**YOUR TASK:** All the records that follow need to be reproduced exactly. Omit the images.

Stored data entries

▽

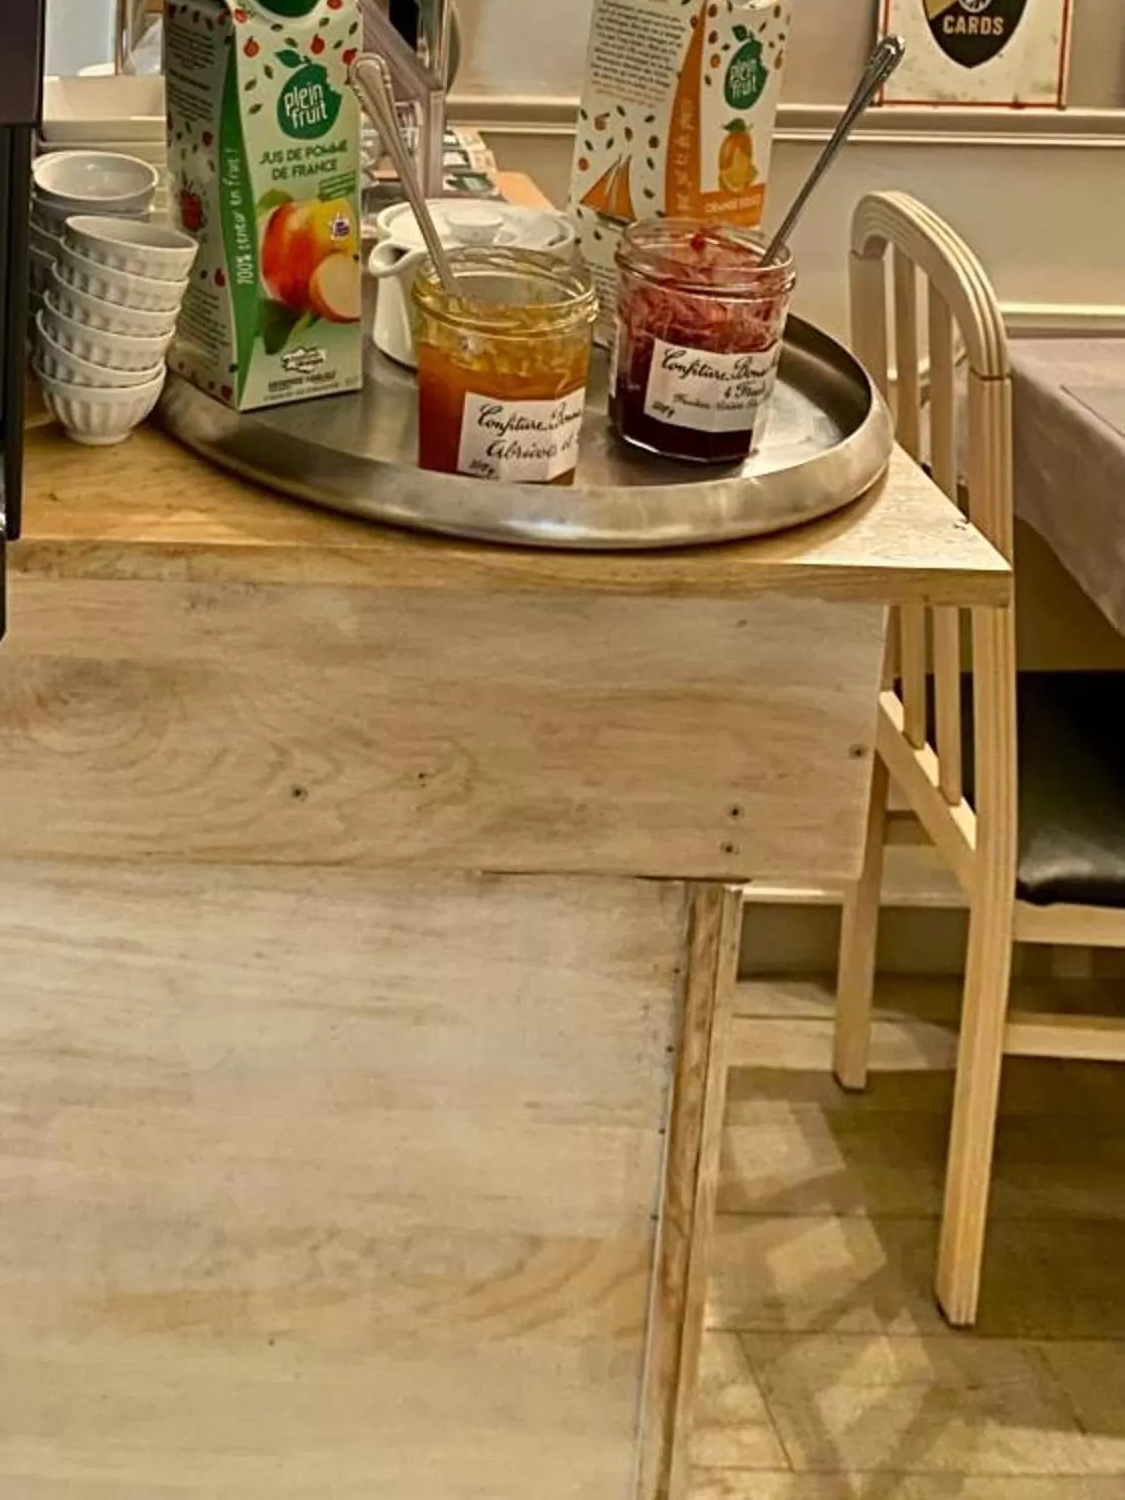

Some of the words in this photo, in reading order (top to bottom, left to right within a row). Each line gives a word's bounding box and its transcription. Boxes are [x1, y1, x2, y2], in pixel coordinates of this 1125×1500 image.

[942, 15, 1004, 36] CARDS
[284, 82, 324, 117] plein
[292, 102, 328, 129] fruit
[259, 149, 284, 165] JUS
[286, 148, 303, 162] DE
[272, 165, 288, 180] DE
[291, 159, 338, 178] FRANCE
[235, 254, 255, 285] 100%

△

**TASK SOLUTION:**
Some of the words in this photo, in reading order (top to bottom, left to right within a row). Each line gives a word's bounding box and its transcription. Boxes are [x1, y1, x2, y2], in pixel coordinates of this 1125×1500 image.

[942, 15, 1004, 36] CARDS
[284, 82, 324, 117] plein
[292, 102, 328, 129] fruit
[259, 149, 284, 165] JUS
[286, 148, 303, 162] DE
[272, 165, 288, 180] DE
[291, 159, 338, 178] FRANCE
[235, 254, 255, 285] 100%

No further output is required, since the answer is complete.